WHAT YOU WILL DO: Word for word, copy the records and drop the pictures.

○ ○ ○ ○ ○ ○ ○

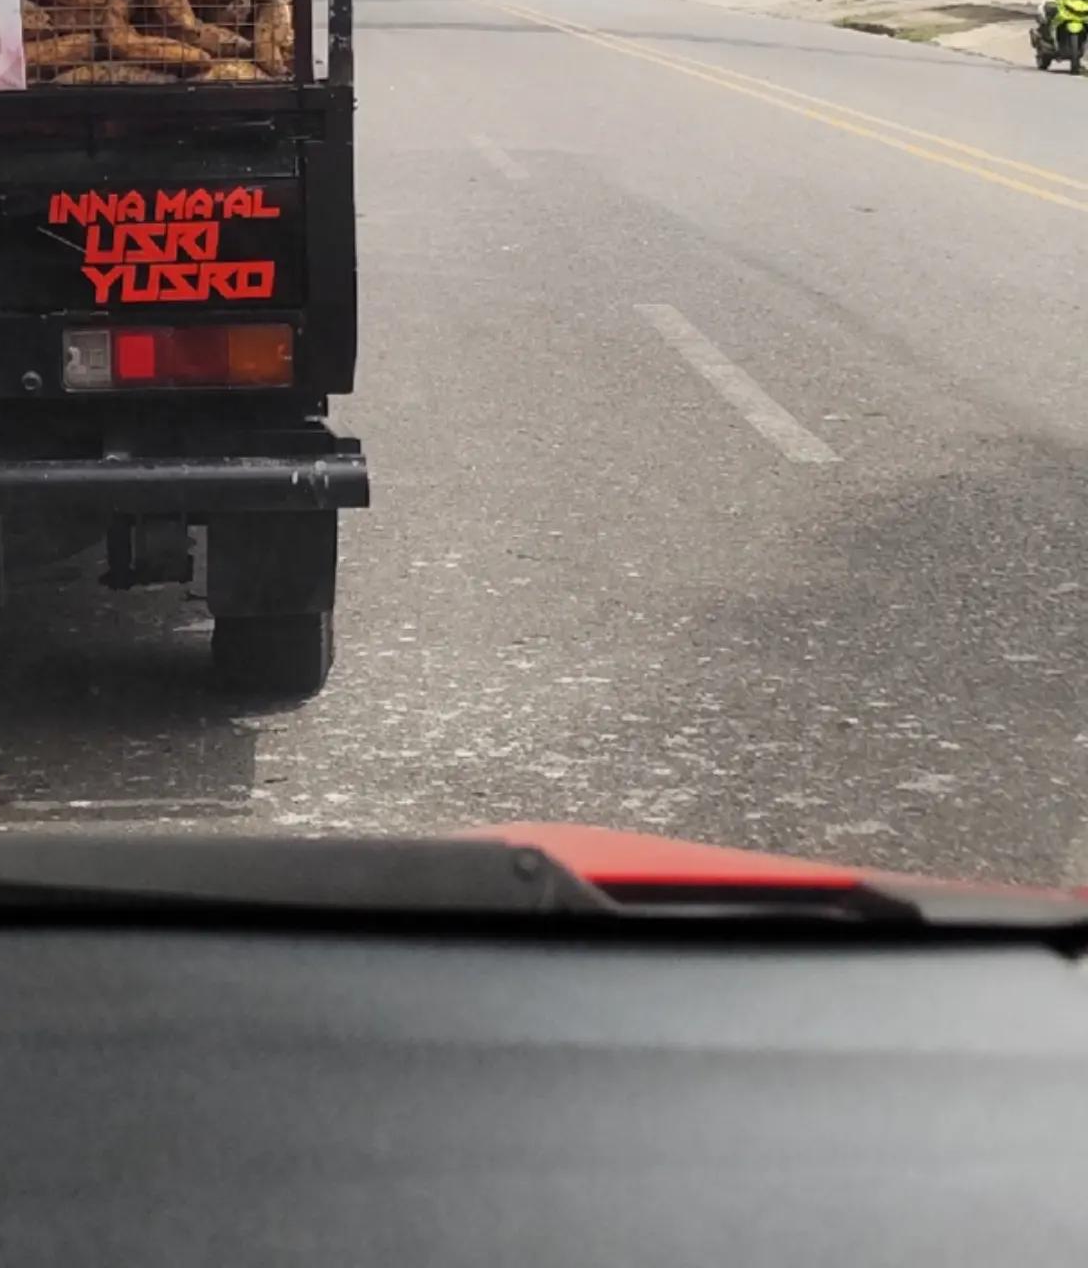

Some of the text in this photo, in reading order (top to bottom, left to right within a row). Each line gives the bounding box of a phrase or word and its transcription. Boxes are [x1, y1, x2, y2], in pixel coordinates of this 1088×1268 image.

[48, 189, 145, 226] INNA
[84, 221, 220, 263] USRI
[81, 260, 275, 304] YUSRO
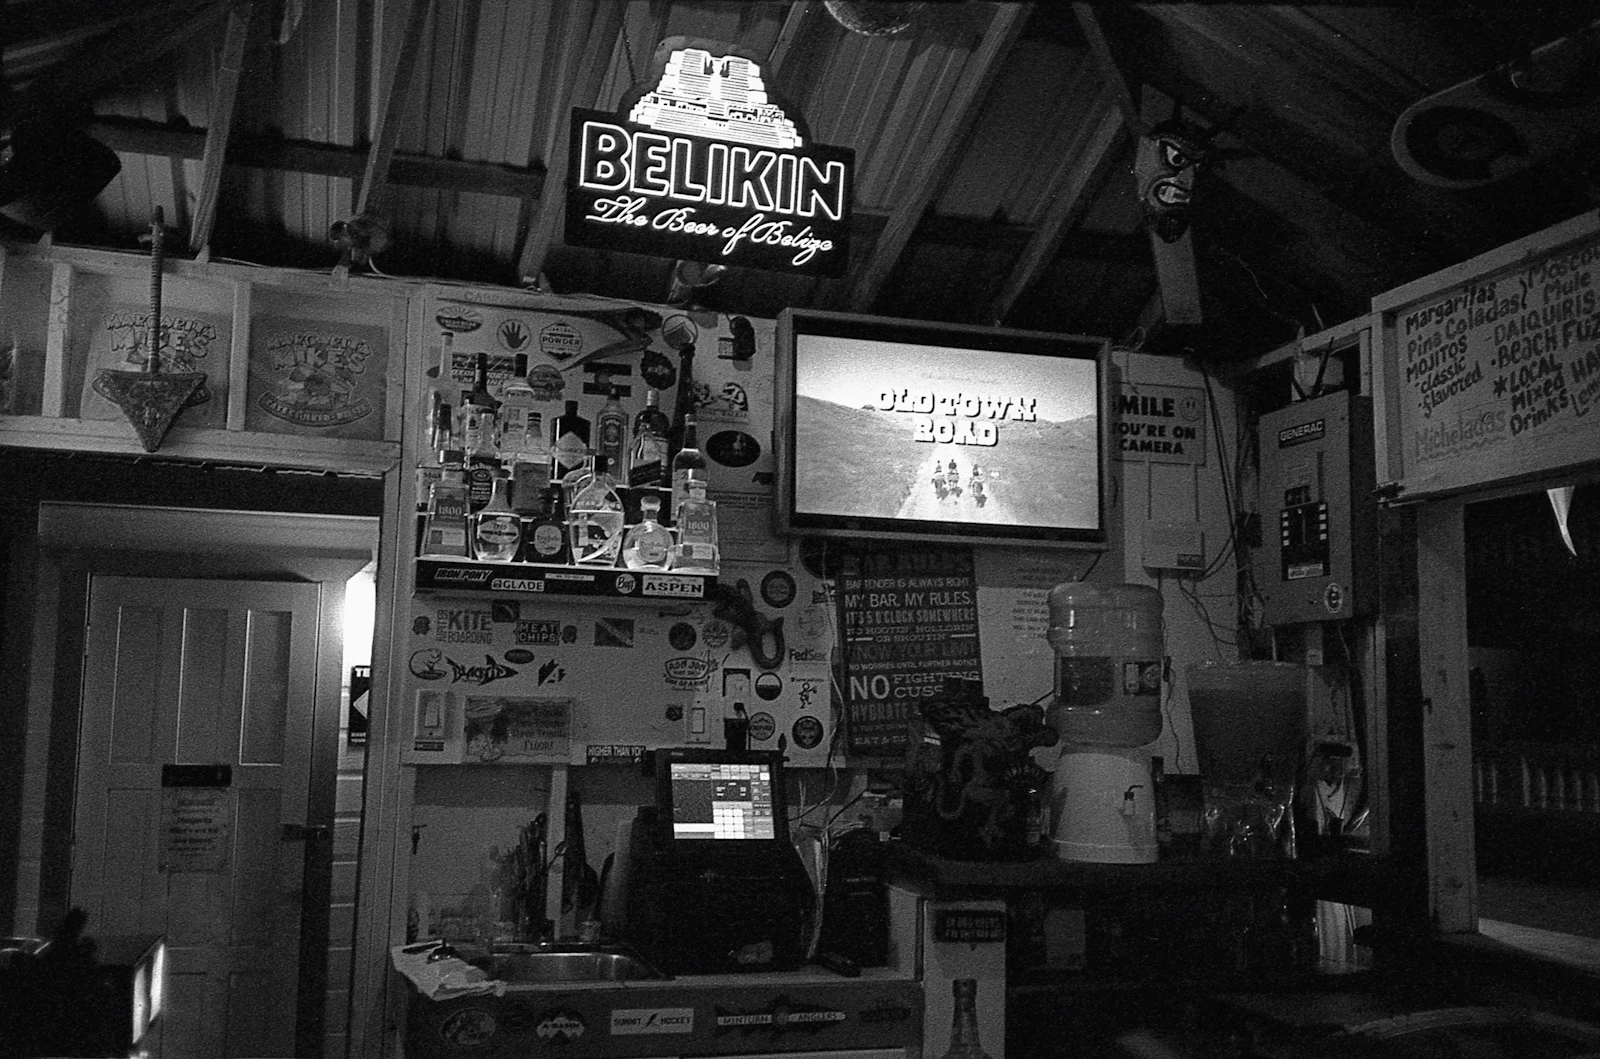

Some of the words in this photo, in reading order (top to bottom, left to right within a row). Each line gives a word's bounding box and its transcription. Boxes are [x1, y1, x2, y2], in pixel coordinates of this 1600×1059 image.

[580, 121, 845, 220] BELIKIN
[585, 196, 648, 228] The
[652, 207, 720, 236] Beer
[722, 214, 764, 255] of
[751, 221, 833, 265] Belize
[1544, 271, 1591, 304] Mule
[1406, 282, 1497, 336] Margaritas
[1445, 294, 1519, 341] Coladas
[541, 336, 581, 346] POWDER
[1406, 334, 1467, 384] MOJITOS
[912, 414, 1000, 447] ROAD
[1172, 425, 1196, 440] ON
[1280, 420, 1323, 441] GENERAC
[1118, 438, 1185, 455] CAMERA
[438, 505, 462, 516] 1800
[687, 521, 710, 531] 1800
[436, 569, 460, 580] IRON
[461, 570, 490, 581] PONY
[908, 577, 944, 588] ALWAYS
[645, 582, 702, 593] ASPEN
[905, 592, 925, 607] MY
[916, 607, 976, 623] SOMEWHERE
[519, 623, 556, 633] MEAT
[519, 632, 557, 643] CHIPS
[875, 635, 891, 643] OR
[850, 673, 890, 700] NO
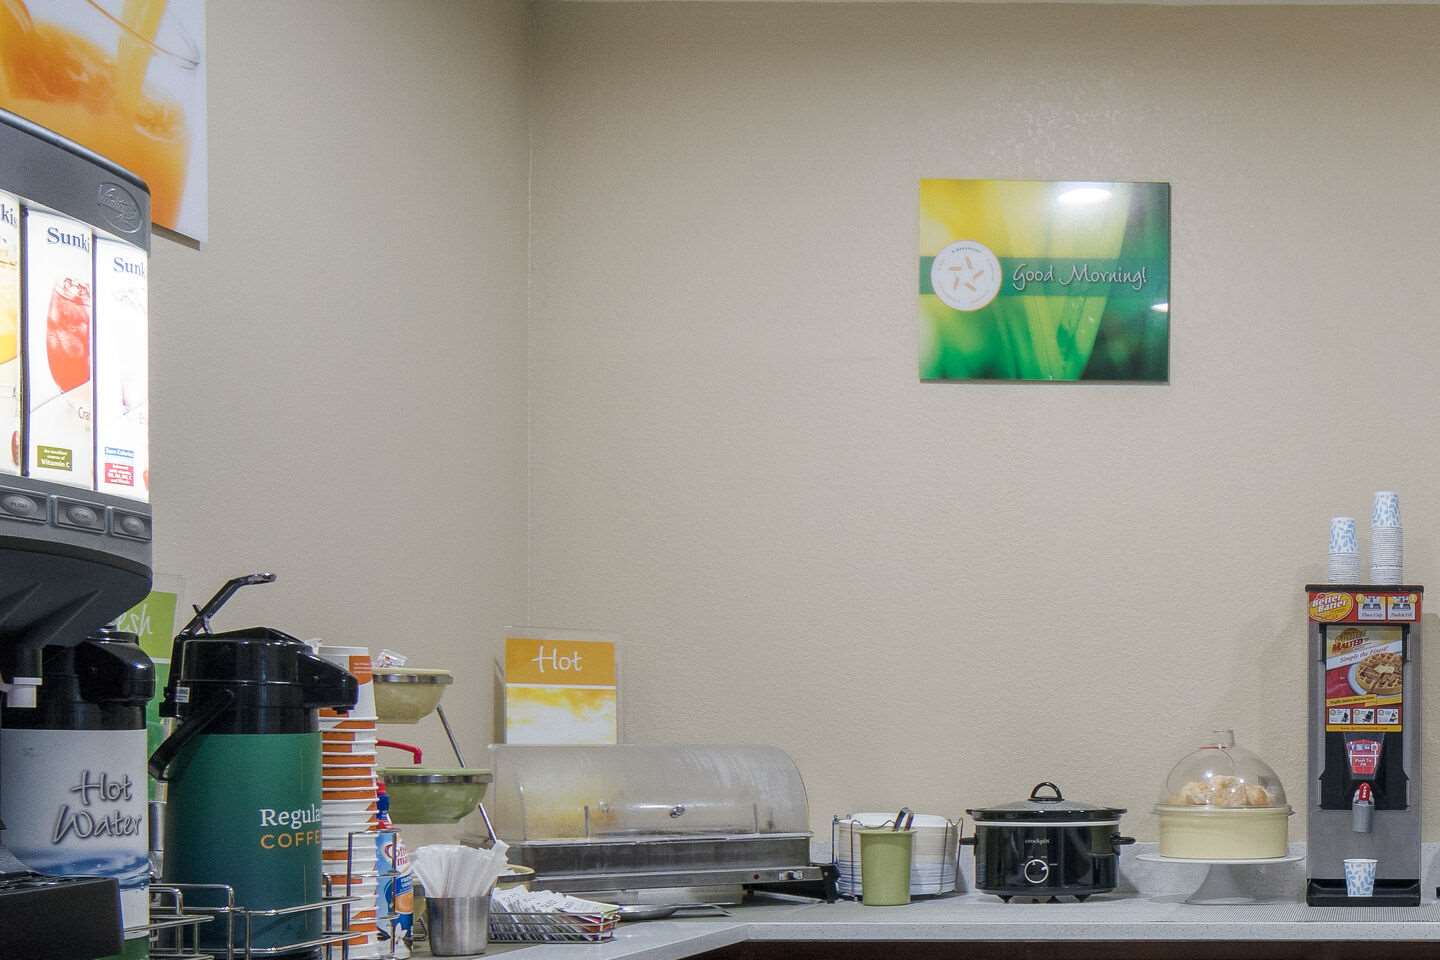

○ ○ ○ ○ ○ ○ ○

RESULT OF THIS EXERCISE:
Some of the text in this photo, in reading order (top to bottom, left to right within a row). Each line gives the bounding box of a phrase or word and its transcription. Boxes are [x1, y1, x2, y2], in pixel coordinates of this 1088×1268 image.

[48, 189, 145, 226] INNA
[84, 221, 220, 263] USRI
[81, 260, 275, 304] YUSRO

Some of the words in this photo, in reading order (top to bottom, left to right within a row). Each line gives a word's bounding box and its transcription. Boxes are [x1, y1, x2, y2], in pixel coordinates of this 1600×1059 image.

[580, 121, 845, 220] BELIKIN
[585, 196, 648, 228] The
[652, 207, 720, 236] Beer
[722, 214, 764, 255] of
[751, 221, 833, 265] Belize
[1544, 271, 1591, 304] Mule
[1406, 282, 1497, 336] Margaritas
[1445, 294, 1519, 341] Coladas
[541, 336, 581, 346] POWDER
[1406, 334, 1467, 384] MOJITOS
[912, 414, 1000, 447] ROAD
[1172, 425, 1196, 440] ON
[1280, 420, 1323, 441] GENERAC
[1118, 438, 1185, 455] CAMERA
[438, 505, 462, 516] 1800
[687, 521, 710, 531] 1800
[436, 569, 460, 580] IRON
[461, 570, 490, 581] PONY
[908, 577, 944, 588] ALWAYS
[645, 582, 702, 593] ASPEN
[905, 592, 925, 607] MY
[916, 607, 976, 623] SOMEWHERE
[519, 623, 556, 633] MEAT
[519, 632, 557, 643] CHIPS
[875, 635, 891, 643] OR
[850, 673, 890, 700] NO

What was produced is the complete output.